§ Action item
Print each record below precisely, with every picture left out of the copy.

Text-to-region grounding data:
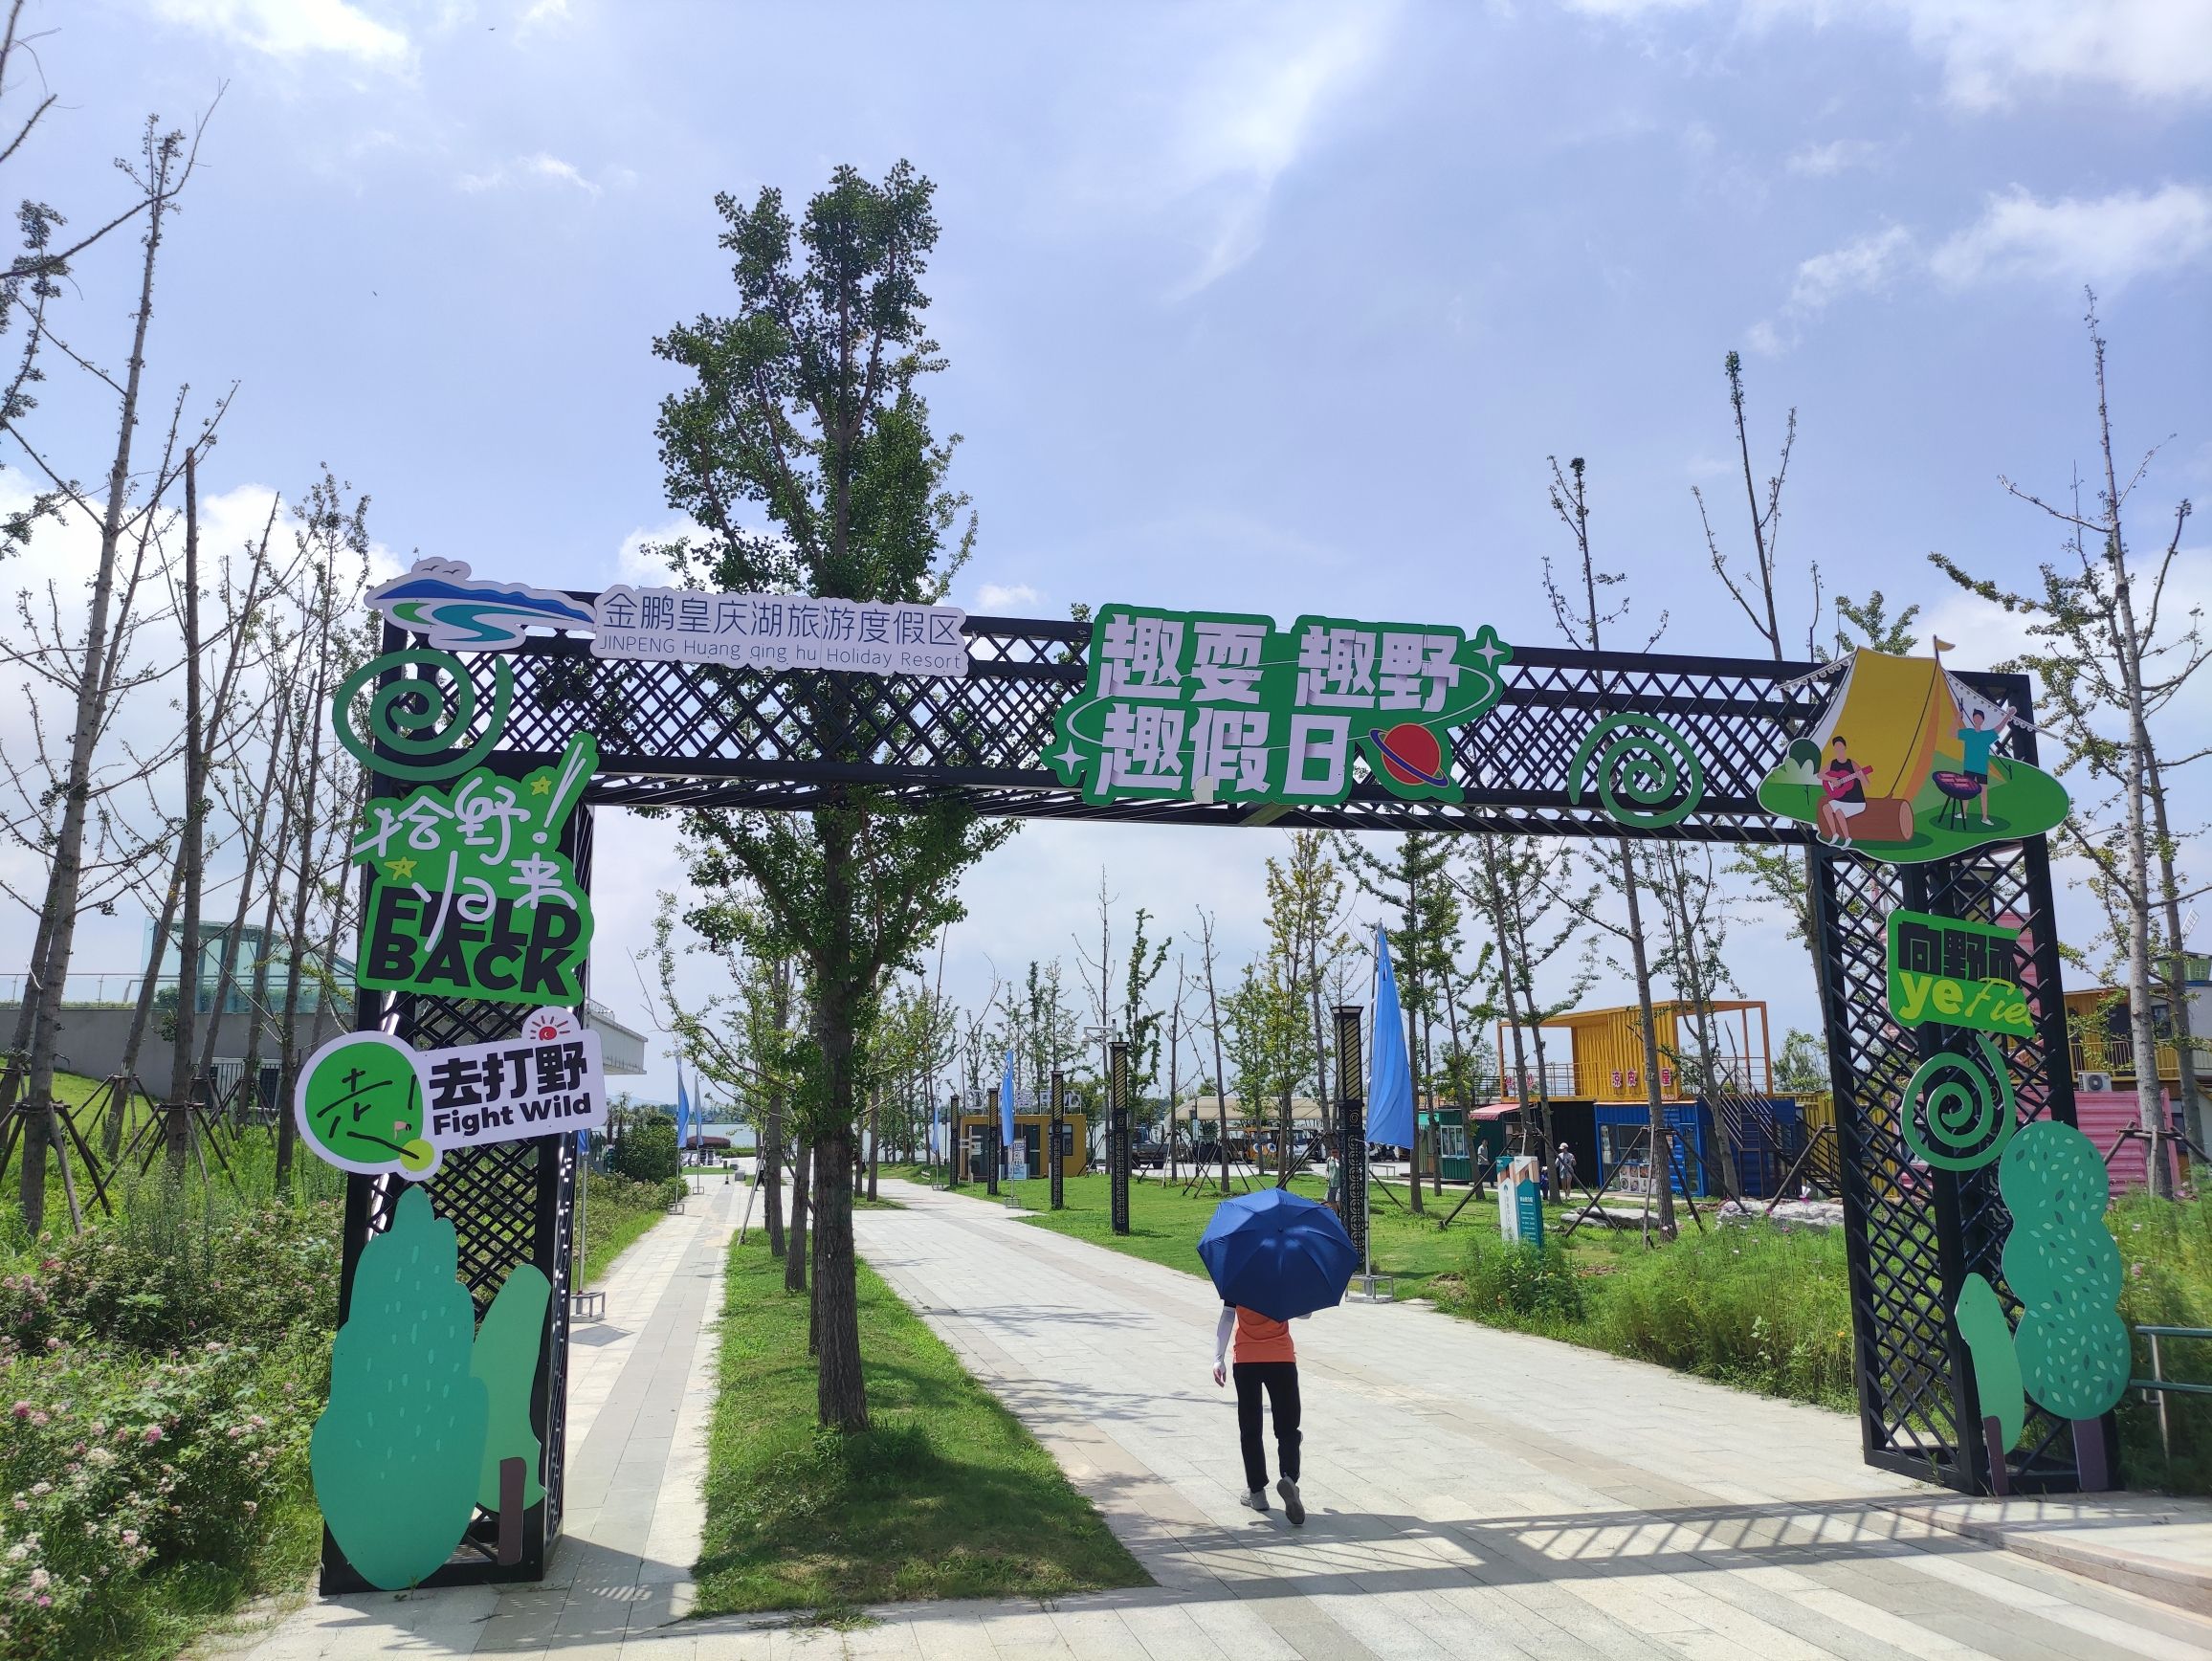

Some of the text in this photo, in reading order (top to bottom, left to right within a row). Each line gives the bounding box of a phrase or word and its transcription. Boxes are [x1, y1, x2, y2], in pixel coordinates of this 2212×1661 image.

[603, 591, 959, 647] 金鹏皇庆湖旅游度假区
[599, 635, 960, 671] JINPENG Huang qing hu Holiday Resort
[1096, 612, 1461, 713] 趣耍 趣野
[1094, 701, 1352, 796] 趣假日
[366, 932, 574, 997] BACK
[429, 1040, 588, 1111] 去打野
[433, 1093, 592, 1137] Fight Wild

§ Answer space
Some of the text in this photo, in reading order (top to bottom, left to right within a row). Each line gives the bounding box of a phrase or word and its transcription. Boxes are [x1, y1, x2, y2], in pixel coordinates of this 2212×1661 image.

[603, 591, 959, 647] 金鹏皇庆湖旅游度假区
[599, 635, 960, 671] JINPENG Huang qing hu Holiday Resort
[1096, 612, 1461, 713] 趣耍 趣野
[1094, 701, 1352, 796] 趣假日
[366, 932, 574, 997] BACK
[429, 1040, 588, 1111] 去打野
[433, 1093, 592, 1137] Fight Wild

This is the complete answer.